Closer examination of 83 telomeres cloned from the DMA mutant revealed direct evidence for reverse transcription of nontemplate nucleotides, with the sequence 5′-ACACGA-3′ (bold nucleotides are encoded by C232 and U231 5′ of the template; see Fig. 2, A and B) being identified (Fig. 3C). On two occasions telomeres terminated in this sequence, and in one instance the sequence was followed by a stutter of six guanosines at the start of the next repeat. In the remaining two cases, found within the same telomere, the sequence ACACGA was followed by TTA, suggesting that reverse transcription beyond the template had resulted in the use of an alternative register of alignment in the following cycle. Evidence for reverse transcription beyond the template was also observed in the DMB strain, whereas telomere sequences from the CM strain were indistinguishable from wild type (data not shown). The presence of the ACACGA sequence at the ends of telomeres and preceding aberrant repeats indicates that additional rounds of telomerase action are compromised once read-through into telomere-adjacent sequences has occurred. Read-through products may also be subject to exonucleolytic degradation because protection by telomere-binding proteins is compromised by the nontelomeric sequence. This may explain why read-through products were detected in <10% of telomeres from the mutant strains. Taken together, these results provide strong support for a paired region 5′ of the template acting as a boundary element in vivo.

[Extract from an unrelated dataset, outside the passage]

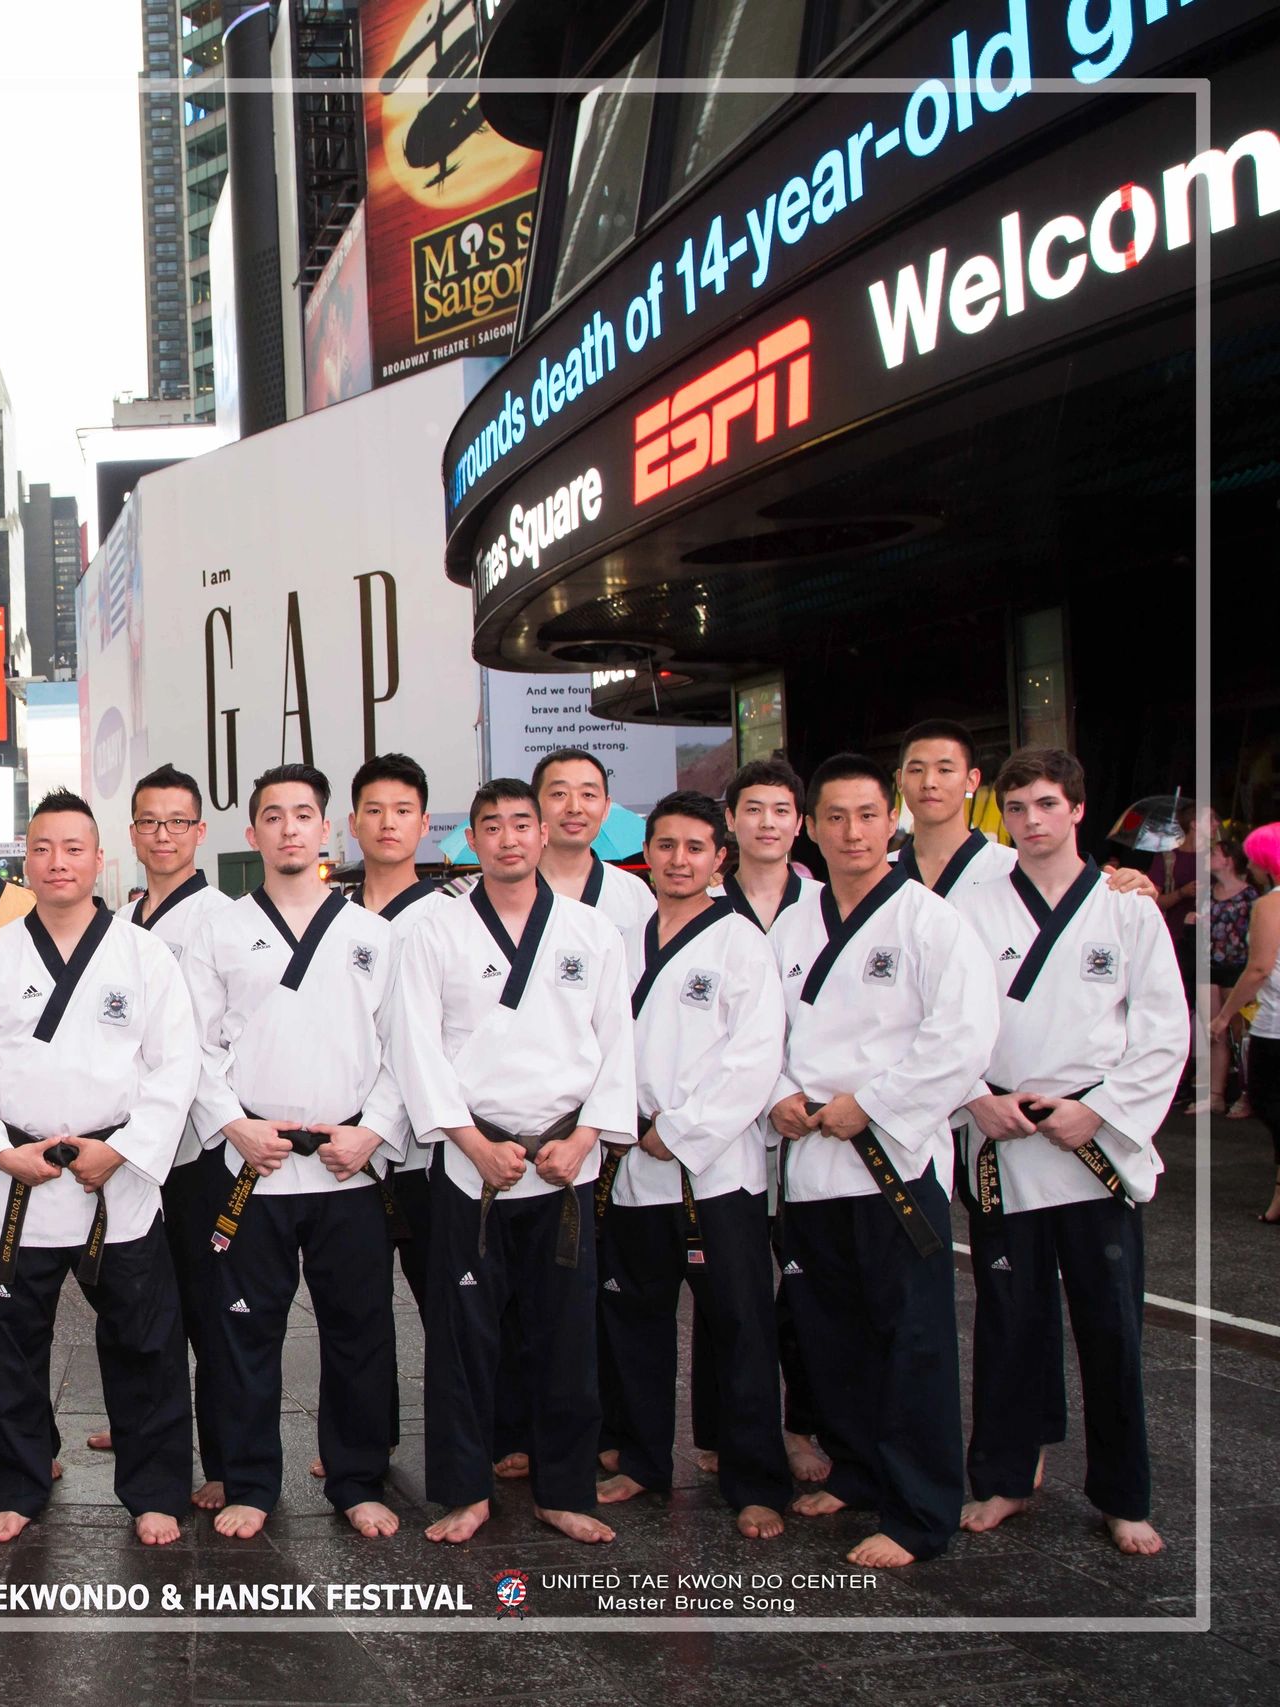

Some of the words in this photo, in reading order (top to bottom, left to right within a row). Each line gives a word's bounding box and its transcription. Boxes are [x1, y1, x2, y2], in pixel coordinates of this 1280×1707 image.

An Extended Helix Shortens Repeat Length and Compromises Telomere Maintenance—Pairing of nucleotides immediately 5′ of the template with a distal element in the RNA appears to be the most widespread solution for defining the template boundary of telomerase in different species. However, unlike other species where the paired element is either directly adjacent or several nucleotides away from the template itself, the paired region and the template overlap by two nucleotides in the energetically favored conformation of fission yeast TER1. We hypothesized that telomere repeat heterogeneity in fission yeast may be a direct consequence of this overlap. To test whether a longer, more stable boundary element would result in a greater abundance of short repeats, we extended the potential for base pairing by replacing two nucleotides upstream of the distal paired element (Fig. 4A). If a telomeric DNA end aligns with G241, only the first four of the eight bases that normally constitute the template are unpaired in this ter1-17 mutant.

FIGURE 4.

FIGURE 4.

An extended boundary helix causes shortening of telomeric repeat units. A, schematic of the template and boundary element region in the ter1-17 mutant. The template is in green, and mutated nucleotides are shown in red. An arrow underneath the unpaired core template nucleotides denotes the direction of reverse transcription. The energetically favored structure of this region was determined by Mfold. B, Southern blot of EcoRI-digested genomic DNA from wild type (wt) and ter1-17 mutant cells probed with a telomeric fragment. A probe against the rad16+ gene was used as loading control (LC). C, a graphical representation of the distribution of different telomeric repeats in wild type (n = 141) and ter1-17 (n = 72) cells 80 generations after the introduction of mutant telomerase.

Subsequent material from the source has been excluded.